Task
Every record shown below should be duplicated exactly.

━━━ Records shown ━━━

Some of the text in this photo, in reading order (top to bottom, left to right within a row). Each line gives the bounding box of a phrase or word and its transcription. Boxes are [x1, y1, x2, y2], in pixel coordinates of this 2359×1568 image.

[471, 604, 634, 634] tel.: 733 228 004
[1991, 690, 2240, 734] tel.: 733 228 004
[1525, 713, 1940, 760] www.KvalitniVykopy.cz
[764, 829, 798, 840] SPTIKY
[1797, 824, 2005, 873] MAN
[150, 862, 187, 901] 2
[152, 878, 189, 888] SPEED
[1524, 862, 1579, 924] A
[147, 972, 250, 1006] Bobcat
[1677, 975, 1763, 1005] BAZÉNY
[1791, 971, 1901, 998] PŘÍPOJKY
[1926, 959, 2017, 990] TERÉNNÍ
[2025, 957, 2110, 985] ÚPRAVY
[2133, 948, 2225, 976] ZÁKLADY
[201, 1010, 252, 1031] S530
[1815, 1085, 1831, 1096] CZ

━━━

Reply
Some of the text in this photo, in reading order (top to bottom, left to right within a row). Each line gives the bounding box of a phrase or word and its transcription. Boxes are [x1, y1, x2, y2], in pixel coordinates of this 2359×1568 image.

[471, 604, 634, 634] tel.: 733 228 004
[1991, 690, 2240, 734] tel.: 733 228 004
[1525, 713, 1940, 760] www.KvalitniVykopy.cz
[764, 829, 798, 840] SPTIKY
[1797, 824, 2005, 873] MAN
[150, 862, 187, 901] 2
[152, 878, 189, 888] SPEED
[1524, 862, 1579, 924] A
[147, 972, 250, 1006] Bobcat
[1677, 975, 1763, 1005] BAZÉNY
[1791, 971, 1901, 998] PŘÍPOJKY
[1926, 959, 2017, 990] TERÉNNÍ
[2025, 957, 2110, 985] ÚPRAVY
[2133, 948, 2225, 976] ZÁKLADY
[201, 1010, 252, 1031] S530
[1815, 1085, 1831, 1096] CZ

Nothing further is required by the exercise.